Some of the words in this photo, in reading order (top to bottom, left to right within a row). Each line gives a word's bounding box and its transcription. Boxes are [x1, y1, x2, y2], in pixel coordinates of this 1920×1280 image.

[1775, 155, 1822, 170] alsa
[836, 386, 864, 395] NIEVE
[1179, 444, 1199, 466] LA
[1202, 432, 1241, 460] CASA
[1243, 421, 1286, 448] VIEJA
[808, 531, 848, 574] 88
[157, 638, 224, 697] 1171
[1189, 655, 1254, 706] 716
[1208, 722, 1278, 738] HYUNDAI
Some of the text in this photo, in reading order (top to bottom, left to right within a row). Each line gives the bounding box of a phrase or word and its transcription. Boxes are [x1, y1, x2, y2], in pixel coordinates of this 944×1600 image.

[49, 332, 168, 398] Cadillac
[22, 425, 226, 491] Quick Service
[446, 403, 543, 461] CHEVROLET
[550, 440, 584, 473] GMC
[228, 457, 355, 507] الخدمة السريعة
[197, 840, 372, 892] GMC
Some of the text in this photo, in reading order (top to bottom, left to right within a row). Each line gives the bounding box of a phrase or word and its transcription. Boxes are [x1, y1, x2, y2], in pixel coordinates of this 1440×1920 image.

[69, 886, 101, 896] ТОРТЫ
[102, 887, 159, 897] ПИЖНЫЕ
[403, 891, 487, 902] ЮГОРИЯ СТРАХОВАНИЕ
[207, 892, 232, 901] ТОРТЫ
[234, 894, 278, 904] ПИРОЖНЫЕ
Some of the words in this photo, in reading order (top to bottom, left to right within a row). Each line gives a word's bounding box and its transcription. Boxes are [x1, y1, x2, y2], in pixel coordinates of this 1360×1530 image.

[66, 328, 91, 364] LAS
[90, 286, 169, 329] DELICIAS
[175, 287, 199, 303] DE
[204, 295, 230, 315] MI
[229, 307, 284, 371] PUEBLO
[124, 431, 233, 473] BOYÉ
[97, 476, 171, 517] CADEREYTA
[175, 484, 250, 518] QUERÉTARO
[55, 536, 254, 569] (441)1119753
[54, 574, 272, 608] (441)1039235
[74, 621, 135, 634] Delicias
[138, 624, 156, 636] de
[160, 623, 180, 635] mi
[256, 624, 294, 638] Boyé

• • •

# Problem to work on
Each record must be repeated exactly as it appears above.

# Reply
Some of the words in this photo, in reading order (top to bottom, left to right within a row). Each line gives a word's bounding box and its transcription. Boxes are [x1, y1, x2, y2], in pixel coordinates of this 1920×1280 image.

[1775, 155, 1822, 170] alsa
[836, 386, 864, 395] NIEVE
[1179, 444, 1199, 466] LA
[1202, 432, 1241, 460] CASA
[1243, 421, 1286, 448] VIEJA
[808, 531, 848, 574] 88
[157, 638, 224, 697] 1171
[1189, 655, 1254, 706] 716
[1208, 722, 1278, 738] HYUNDAI
Some of the text in this photo, in reading order (top to bottom, left to right within a row). Each line gives the bounding box of a phrase or word and its transcription. Boxes are [x1, y1, x2, y2], in pixel coordinates of this 944×1600 image.

[49, 332, 168, 398] Cadillac
[22, 425, 226, 491] Quick Service
[446, 403, 543, 461] CHEVROLET
[550, 440, 584, 473] GMC
[228, 457, 355, 507] الخدمة السريعة
[197, 840, 372, 892] GMC
Some of the text in this photo, in reading order (top to bottom, left to right within a row). Each line gives the bounding box of a phrase or word and its transcription. Boxes are [x1, y1, x2, y2], in pixel coordinates of this 1440×1920 image.

[69, 886, 101, 896] ТОРТЫ
[102, 887, 159, 897] ПИЖНЫЕ
[403, 891, 487, 902] ЮГОРИЯ СТРАХОВАНИЕ
[207, 892, 232, 901] ТОРТЫ
[234, 894, 278, 904] ПИРОЖНЫЕ
Some of the words in this photo, in reading order (top to bottom, left to right within a row). Each line gives a word's bounding box and its transcription. Boxes are [x1, y1, x2, y2], in pixel coordinates of this 1360×1530 image.

[66, 328, 91, 364] LAS
[90, 286, 169, 329] DELICIAS
[175, 287, 199, 303] DE
[204, 295, 230, 315] MI
[229, 307, 284, 371] PUEBLO
[124, 431, 233, 473] BOYÉ
[97, 476, 171, 517] CADEREYTA
[175, 484, 250, 518] QUERÉTARO
[55, 536, 254, 569] (441)1119753
[54, 574, 272, 608] (441)1039235
[74, 621, 135, 634] Delicias
[138, 624, 156, 636] de
[160, 623, 180, 635] mi
[256, 624, 294, 638] Boyé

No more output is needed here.